Bite-SizedExpert – Beit Midrash AnalysisJune 9, 2026

Sugya Map: The Mechanics of Tuma’ah in Kelim

  • Core Issue: Does the potential for latent impurity (e.g., absorbed liquids in porous materials) constitute a present state of impurity for an oven?
  • Nafka Mina: Whether the osak (heating/firing) of an oven is a necessary condition to activate the tuma’ah of absorbed liquids.
  • Primary Sources: Mishnah Kelim 9:5-6, Niddah 62b, Rambam Hilchot Kelim 14:14.

Text Snapshot

Mishnah Kelim 9:5: "ספוג שבלע משקין טמאים... ונפל לאויר התנור, התנור טמא, שסוף משקה לצאת." (A sponge that absorbed unclean liquids... and fell into the oven's airspace, the oven is unclean, for the liquid would eventually emerge.) Note: The Tanna establishes a teleological definition of tuma’ah: potentiality is treated as reality if the emergence of the liquid is inevitable.

Readings

  • Rash MiShantz: Notes the conflict in Niddah 62b between Resh Lakish and R. Yochanan regarding mashkin chamurin (liquids of higher impurity). He cites Rav Papa’s synthesis: if the liquid cannot emerge, all agree it is tahor. The debate centers on where emergence is possible but not actively intended (lo hikpid).
  • Tosafot Yom Tov: Explains the "three-year" rule (Mishnah 9:6) as a refutation of the Toseftan view that drying out after 30 days renders the liquid null. He asserts that as long as the liquid hasn't fully desiccated, it remains halachically significant mashkeh regardless of time.

Friction

  • Kushya: If the liquid is currently absorbed and not touching the oven's contents, why does the oven become tamei?
  • Terutz: R. Papa’s analysis (Niddah 62b) suggests that the tuma’ah is not in the current contact, but in the oven’s status as a vessel capable of receiving impurity via the ohil (tent/airspace) of the tamei liquid. The "heating" is the catalyst that forces the potential tuma’ah into an active state of transmission.

Intertext

  • Oholot 3:1: Parallels the logic of tuma’ah being constrained by "ability to exit."
  • Shulchan Aruch YD 121: The principles of ta'am k'ikar and the absorption of forbidden substances in vessels mirror the logic here: if the absorbed substance can be extracted, the vessel remains functionally linked to the forbidden matter.

Psak/Practice

The meta-halachic takeaway is the distinction between bi'ul (absorbed) and niflat (secreted).

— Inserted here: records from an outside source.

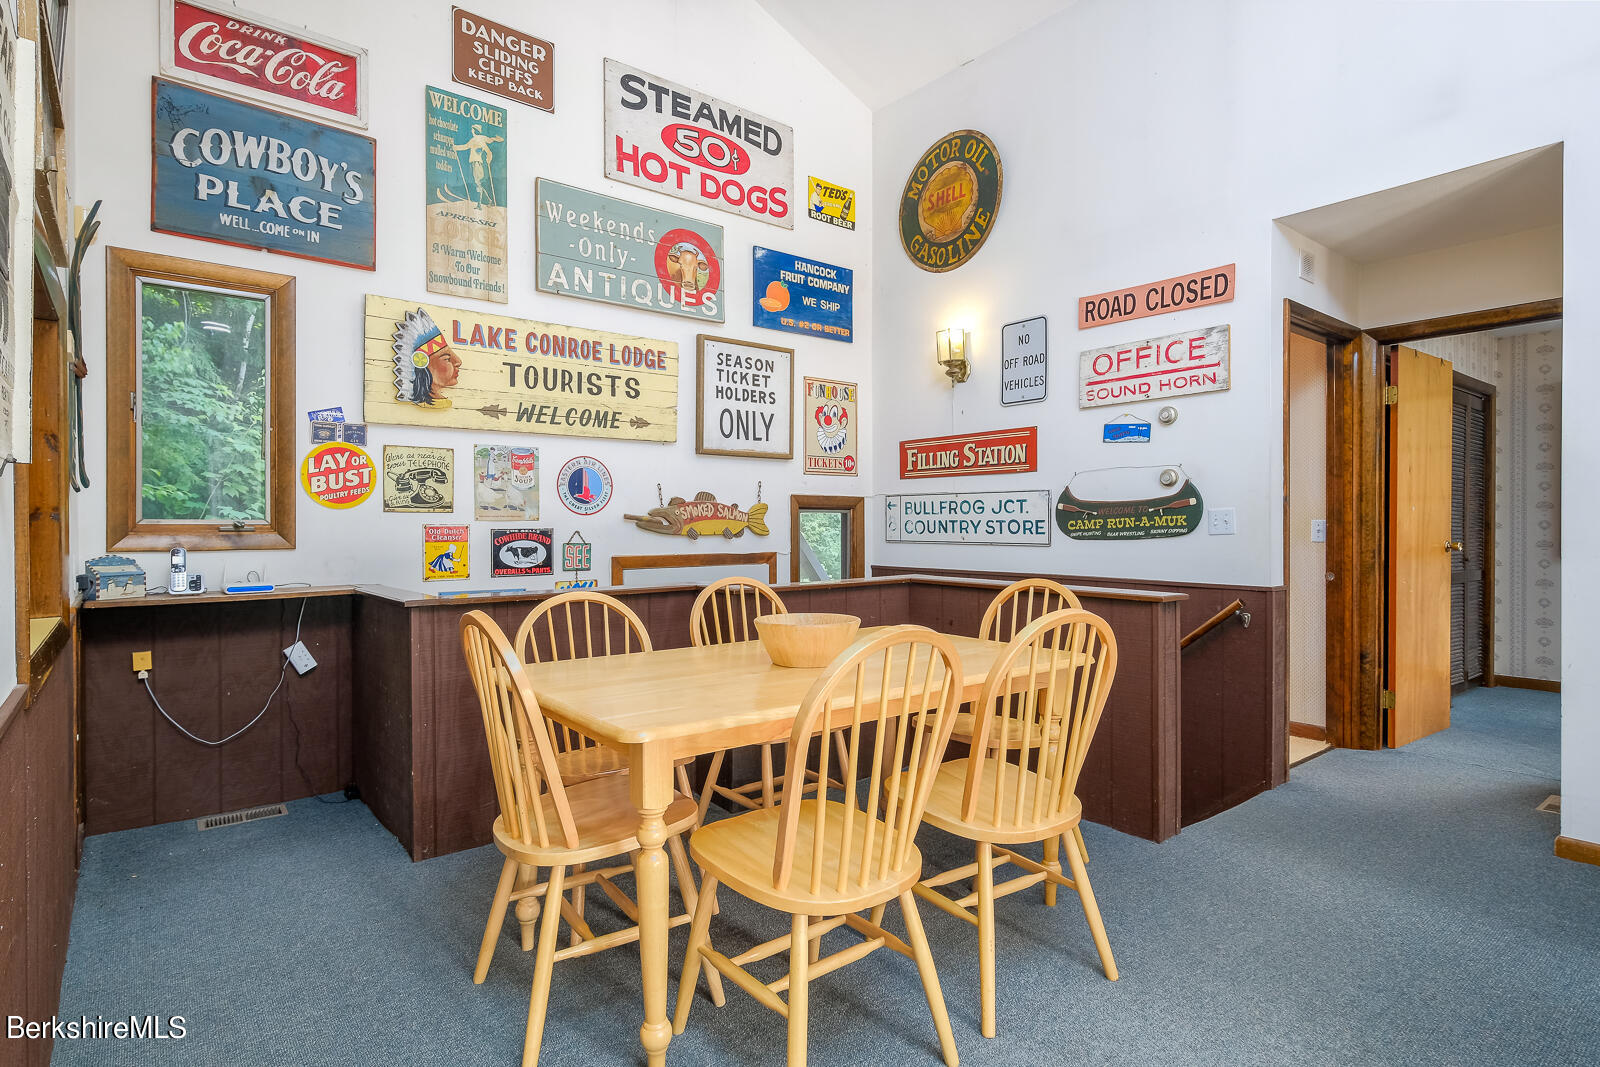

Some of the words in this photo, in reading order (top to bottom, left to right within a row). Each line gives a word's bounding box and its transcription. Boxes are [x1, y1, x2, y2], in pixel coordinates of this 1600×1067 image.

[225, 20, 288, 46] DRINK
[461, 17, 546, 62] DANGER
[178, 21, 349, 101] Coca-Cola
[472, 41, 539, 74] SLIDING
[468, 67, 504, 86] KEEP
[508, 81, 543, 100] BACK
[478, 58, 533, 86] CLIFFS
[429, 90, 503, 128] WELCOME
[620, 73, 783, 157] STEAMED
[673, 127, 740, 171] 50¢
[170, 127, 364, 206] COWBOY'S
[616, 134, 691, 190] HOT
[701, 171, 789, 218] DOGS
[908, 138, 961, 201] MOTOR
[964, 139, 989, 172] OIL
[196, 173, 343, 230] PLACE
[823, 186, 849, 201] TED'S
[928, 183, 967, 211] SHELL
[546, 200, 656, 246] Weekends
[810, 209, 832, 222] ROOT
[833, 217, 853, 229] BEER
[307, 230, 320, 243] IN
[910, 207, 991, 265] GASOLINE
[432, 243, 441, 253] A
[441, 243, 466, 259] Warm
[467, 249, 502, 266] Welcome
[428, 271, 473, 289] Snowbound
[455, 261, 465, 273] To
[465, 262, 480, 275] Our
[795, 260, 837, 279] HANCOCK
[547, 262, 718, 317] ANTIQUES
[780, 270, 806, 285] FRUIT
[807, 276, 850, 295] COMPANY
[802, 295, 817, 308] WE
[820, 300, 841, 312] SHIP
[1085, 293, 1137, 323] ROAD
[1145, 272, 1229, 312] CLOSED
[780, 317, 796, 327] U.S.
[811, 322, 822, 332] OR
[823, 325, 850, 337] BETTER
[452, 319, 518, 352] LAKE
[525, 331, 603, 363] CONROE
[608, 343, 667, 371] LODGE
[1018, 333, 1030, 346] NO
[717, 352, 775, 373] SEASON
[1004, 357, 1020, 370] OFF
[1023, 352, 1045, 367] ROAD
[1092, 336, 1206, 376] OFFICE
[502, 361, 642, 400] TOURISTS
[716, 368, 771, 388] TICKET
[1004, 375, 1045, 391] VEHICLES
[1085, 382, 1151, 402] SOUND
[1159, 372, 1217, 392] HORN
[715, 385, 777, 405] HOLDERS
[807, 382, 855, 402] FUNHOUSE
[516, 402, 622, 430] WELCOME
[719, 408, 775, 442] ONLY
[308, 451, 351, 474] LAY
[351, 455, 367, 466] OR
[408, 460, 450, 471] TELEPHONE
[807, 457, 842, 468] TICKETS
[906, 449, 960, 471] FILLING
[963, 443, 1027, 467] STATION
[310, 467, 373, 493] BUST
[560, 459, 581, 486] EASTERN
[583, 459, 597, 467] AIR
[597, 466, 611, 486] LINES
[320, 490, 349, 501] POULTRY
[350, 487, 370, 496] FEEDS
[569, 500, 583, 511] GREAT
[680, 503, 715, 519] SMOKED
[717, 505, 748, 523] SALMON
[904, 499, 985, 515] BULLFROG
[991, 499, 1029, 515] JCT.
[1097, 505, 1135, 515] WELCOME
[1138, 505, 1149, 513] TO
[904, 519, 982, 535] COUNTRY
[985, 518, 1046, 535] STORE
[1067, 519, 1103, 530] CAMP
[1106, 515, 1188, 529] RUN-A-MUK
[494, 533, 527, 546] COWHIDE
[528, 533, 552, 545] BRAND
[565, 544, 589, 568] SEE

In contemporary kashrut (e.g., kashering vessels), we distinguish between keli that can be purged via hag'ala and those where the absorption is deemed permanent or inaccessible. The Mishnah here teaches that tuma’ah is not merely surface-level—it is a property of the material's capacity to host and eventually emit.

Takeaway

Impurity is not limited to what is currently present, but extends to what is latent within a vessel's capacity to "sweat" or release its contents under heat.